Container Three. With others, with help 

The works in Container Three manifest in contexts that are, or aspire to be, witnessed by larger audiences. The relationships exposed here are built in the creative performative act, my body is sounding and moving in erratic and erotic ways as I test out and learn how this kind of expression can manifest alongside other performers and under what creative conditions. In some instances, I am sharing my way of inhabiting the creative world of the erratic or erotic. In others, I am inviting performers in to try out inhabiting that creative world with me. There are six instances of practice included here: three duo collaborative performances and three group works.

 

The first two examples: Sun Infusion and a softer sound an earthquake have similar intention and function but different execution. In Sun Infusion I collaborate with my husband, Tim, tapping into a loving and safe relationship that helps contain the insecurity and challenges of facing a live audience in the flesh in a more typical setup of a live gig. With Feronia in assae, I build trust over time after many hours of playing together, taking risks together and being vulnerable with each other in our sonic encounters. In these works objects are absent but many elements associated with live performance often found in the background like physical tension, light or our location in space remain present and amplified. 

These contexts helped me sense my own erotic power from within and understand how to put others in contact with it - how to withstand and share something so intimate and physical expressed through my female body in close detail. These are the first performances I make in a more traditional stage setup after a break of 10 years from singing in those kinds of contexts. I choose to reflect on these works in more poetic ways than the rest of the portfolio using informal language and video collage to build on the intimacy inherent in them. 

 

In Experimental Karaoke Juice Machine I foreground the sonic, drafting a performance setup in which my body and voice are only attuning to pre-recorded sounds that several collaborators sent to me to play back. This work shows how the absence of sharing risk with others can lead to an over-threshold performance that directly impacts expression.
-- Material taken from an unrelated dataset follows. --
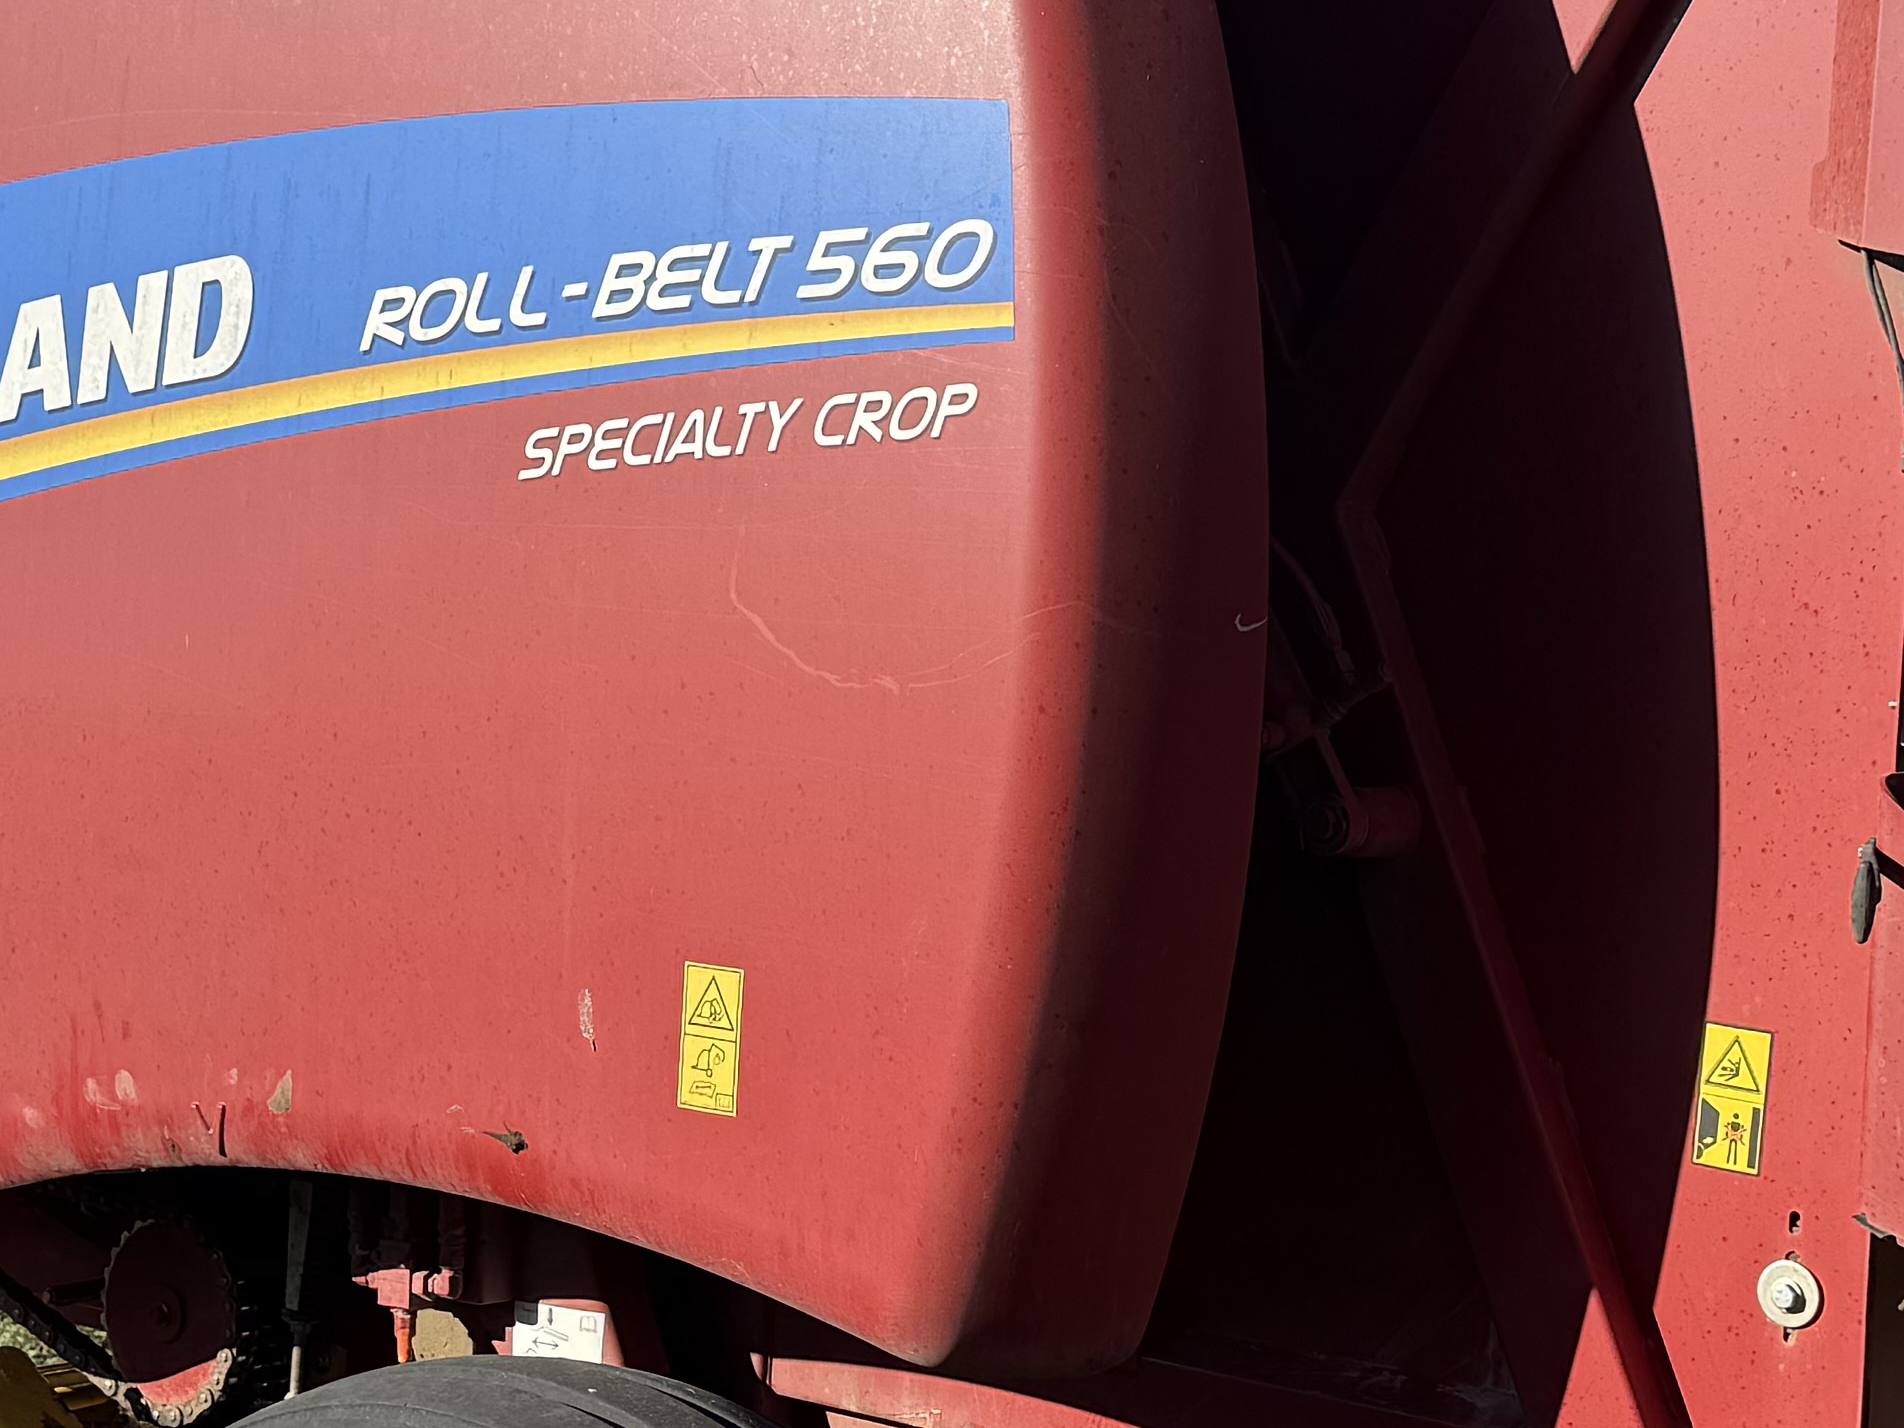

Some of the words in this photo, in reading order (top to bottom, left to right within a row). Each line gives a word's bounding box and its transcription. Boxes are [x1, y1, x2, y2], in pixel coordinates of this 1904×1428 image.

[359, 234, 795, 353] ROLL-BELT
[796, 219, 996, 301] 560
[517, 397, 804, 481] SPECIALTY
[813, 383, 979, 448] CROP
I question here why the acousmatic, the disembodied recorded sound as well as a virtual audience are not enough to reward and support my erratic body and what costs these over-threshold performances can incur. 

 

The two group workshops in this container - the Splendor micro-residency and the Embodied Improvisation Research Workshop done at Concordia University in Montreal - experiment with creative group dynamics in ways that feel accessible to me. Groups have always been difficult contexts for my body to relax into because of the compound power a multiplicity of bodies has to suck me out of myself and into each of them, scrambling to make sense of others' needs as I am working hard to decipher what happens in-between all of us in contexts that are endlessly changing. I find it difficult to trust that others have my best interests at heart and that my kind of expression won't be too much/too little or causing harm through its excesses to me or them. I was determined to test out some strategies that would bring more ease, joy, play and pleasure to group work, helping me ease some of the tensions these dynamics bring and see what new creative horizons could open up. 

 

In the Splendor residency I borrow exercises from Roy Hart, Action Theatre and the work I did with Persis Jadé Maravela on the DRIFT to define a shared expressive space with three other contemporary musicians, building relations that are based on the sonic as sound moves through our physical bodies and space.

 

At Concordia I work with four other performers, two coming from a theatre/movement background and two from contemporary music, defining a more diffuse space of co-making, one that is emergent in the encounter and is co-led by a few of us. I invited people into this shared space after having at least one separate one to one encounter with them. In those encounters we tested out our collaboration, bringing our performative sensibilities into contact with each other. 

 

I did many more one to one collaboration tests with other people than just the four that made it into the Concordia research workshop. These other one to ones informed the development of my own sonic sensing workshop - an approach I include here in continuation of the sonic drifting work I did before. 

 

The last work in this container, between you and me, is the most ambitious work in this portfolio, at least in terms of its predetermined performance settings and schedule: four countries and three international music festivals. My long-term collaborator Christine Cornwell and I accept to open our intimate creative process to contemporary music ensemble Nadar, learning how to include newcomers into it.